Petaluma sales-tax hike likely headed to ballot after all

A council vote on increasing the sales tax was nearly derailed by a misunderstanding regarding how many votes make up a supermajority|

A re-examination of the number of votes needed for the Petaluma City Council to place a sales-tax increase on the November ballot may have short-circuited what appeared to be burgeoning conflict over the hike.

The council appeared poised to vote to place a general tax measure on the ballot at their meeting two weeks ago, with the amount and length to be sorted out among the seven members.

Five council members - Mike Harris, Chris Albertson, Gabe Kearney, Mike Healy and Kathy Miller - said they were ready to vote for it.
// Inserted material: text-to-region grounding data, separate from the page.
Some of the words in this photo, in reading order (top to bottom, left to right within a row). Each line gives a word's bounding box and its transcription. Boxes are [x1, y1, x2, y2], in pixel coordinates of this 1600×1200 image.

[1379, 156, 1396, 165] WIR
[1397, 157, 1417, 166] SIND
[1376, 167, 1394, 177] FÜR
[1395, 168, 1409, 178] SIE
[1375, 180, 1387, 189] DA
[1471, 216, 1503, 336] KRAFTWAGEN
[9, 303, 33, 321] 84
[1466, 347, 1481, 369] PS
They were advised that it would require a supermajority of six votes to approve.

So when Teresa Barrett and David Glass balked at approving a general tax rather than a special tax or hybrid of the two, the entire proposal seemed in jeopardy.
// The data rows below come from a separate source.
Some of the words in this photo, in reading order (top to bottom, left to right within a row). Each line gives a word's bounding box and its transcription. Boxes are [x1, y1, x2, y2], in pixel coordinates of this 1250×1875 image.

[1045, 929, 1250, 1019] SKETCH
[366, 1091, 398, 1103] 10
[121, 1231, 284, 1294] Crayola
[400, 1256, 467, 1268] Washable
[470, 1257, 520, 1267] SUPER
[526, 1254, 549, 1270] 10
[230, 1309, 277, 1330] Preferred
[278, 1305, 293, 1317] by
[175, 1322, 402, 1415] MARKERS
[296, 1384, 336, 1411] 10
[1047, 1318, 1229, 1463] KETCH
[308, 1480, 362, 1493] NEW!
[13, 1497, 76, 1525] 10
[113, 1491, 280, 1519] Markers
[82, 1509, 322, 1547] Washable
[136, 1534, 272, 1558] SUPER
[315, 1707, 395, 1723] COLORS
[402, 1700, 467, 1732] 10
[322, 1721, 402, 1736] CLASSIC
But in a staff report for Monday’s meeting, City Manager John Brown and City Attorney Eric Danly advised the council that a supermajority of the council requires two-thirds of the council’s approval, or only five of the seven council members.

“Last time there were a certain five votes for a general sales-tax measure and it got derailed with the six votes,” Healy said, blaming the misunderstanding on “fuzzy math.”

“I’m not aware of anything that has in the meantime … caused any of the five of us to change our minds,” he said.

But in the meantime, Healy said he reached out to Glass to try to satisfy some of his concerns.

Both Glass and Barrett said they preferred a special tax measure, one that guarantees where the tax proceeds will be spent, but one that also requires a two-thirds voter approval. Barrett said she wanted assurances that future councils wouldn’t spend the money differently than this one intends.

Polling that the city conducted for the tax showed a majority of residents would support a one-cent tax hike, but not at the two-thirds level.

Petaluma voters have rejected the past two special tax measures before them. In 2003, a proposed utility tax of 5 percent for 20 years for road improvements failed. In 2012, a 15-year parks and recreation parcel tax also failed.

The county may also seek a quarter-cent sales tax increase in November, which some say could discourage Petaluma voters from approving one or both of the measures.

Brown has recommended the council ask voters for a one-cent general tax in perpetuity, which would raise Petaluma’s local tax rate to 9.25 percent. It is expected to raise $10 million a year, which would go into the general fund to be spent at the council’s choice.

He encouraged the council to articulate its spending priorities, so voters have an idea of how the council intends to spend the proceeds.

The council has said it wants to fund road and sidewalk repair, relocation or expansion of the police and fire department buildings, restoring lost public safety positions, fixing flooding problems and building the Rainier Avenue cross-town connector.

To satisfy some of Glass and Barrett’s transparency concerns, Healy said on Monday he will suggest the proceeds be directed into a separate budget with its own annual analysis and spending plan.

“Rather than being co-mingled into the regular general fund budget, the city’s regular general fund budget, with its various revenue sources and expenditures, would continue as a stand-alone budget,” he said.

That could also potentially satisfy voter concerns that the tax money wouldn’t go toward funding the city’s $47 million unfunded pension liability and not to restore or improve city services.

Monday’s meeting begins at 7 p.m. at City Hall, 11 English St.